A report in the New York Times quoted prosecutors as saying that Lubitz sought treatment for vision problems that may have jeopardized his ability to continue working as a pilot. The police found antidepressants during a search of his apartment on Thursday, the same report noted.
Other reports have speculated that there was trouble in Lubitz’ personal life. Bild reported that "Lubitz had a serious relationship crisis with his girlfriend before the disaster and the resulting heartbreak is thought to have led to this. Other reports state that Lubitz was expecting a baby with his unnamed partner. Bild am Sonntag, the nation's best-selling Sunday paper, said that the woman had broken the news to her students within the past few weeks.
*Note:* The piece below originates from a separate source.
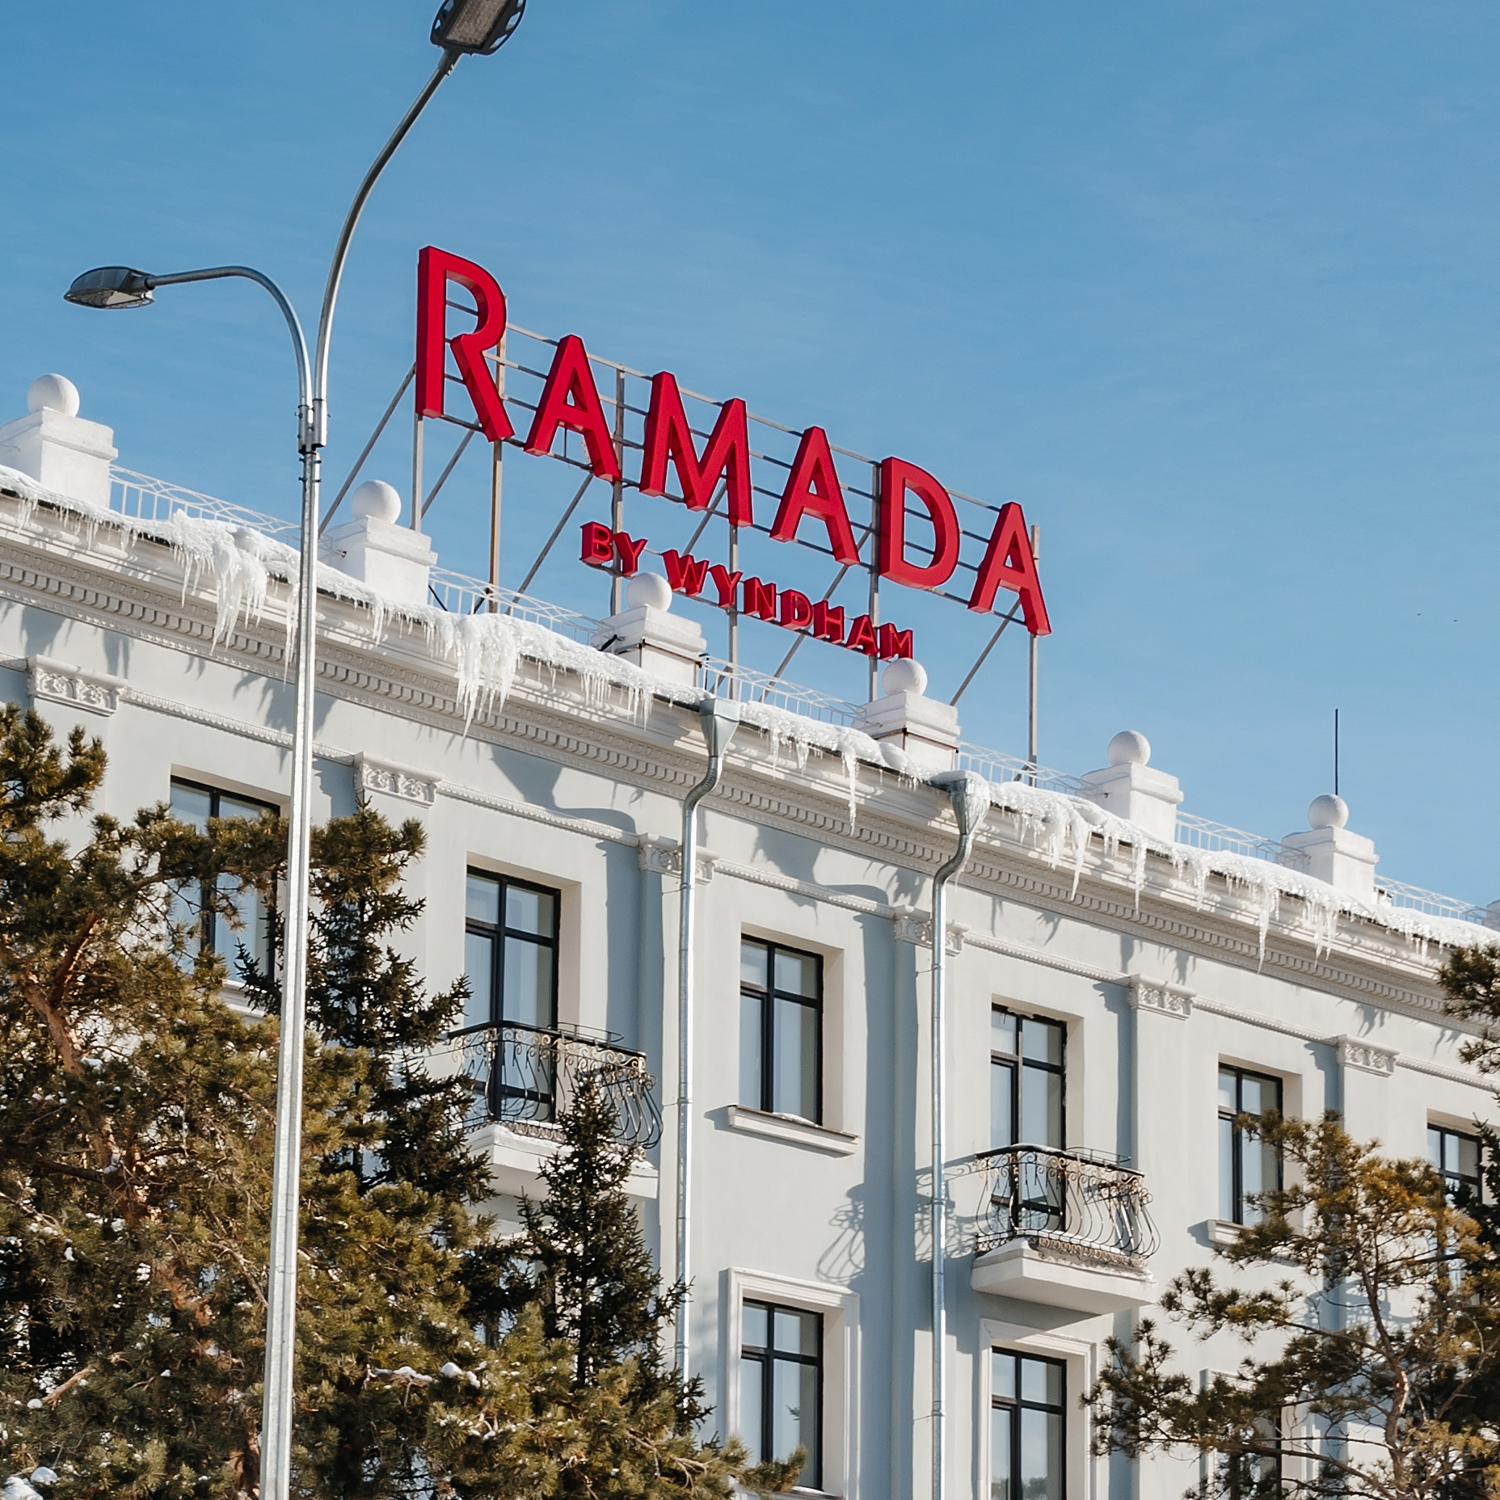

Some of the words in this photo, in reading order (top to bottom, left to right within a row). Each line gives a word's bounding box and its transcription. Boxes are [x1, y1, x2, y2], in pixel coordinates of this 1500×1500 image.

[416, 245, 1051, 636] RAMADA
[580, 521, 648, 576] BY
[662, 549, 913, 660] WYNDHAM
Bild quoted Maria W, full name withheld, an airstewess who previously dated Lubitz, saying, in reference to the crash: "Whether relationship problems had anything to do with it I don't know.” Mariq, however, did say that "He did it because he realised that because of his health problems his big dream of a job with Lufthansa; a job as captain and as a long haul pilot was as good as impossible."
Maria did describe Lubitz as tormented" and secretive. She remembered how Lubitz had said he would do something one day "that would change the system" so "everyone will then know my name and remember me." “ did not know what he meant by that at the time, but now it's clear," she told Bild. Maria added that Lubitz sometimes woke up at night screaming, "We're going down!" in terror.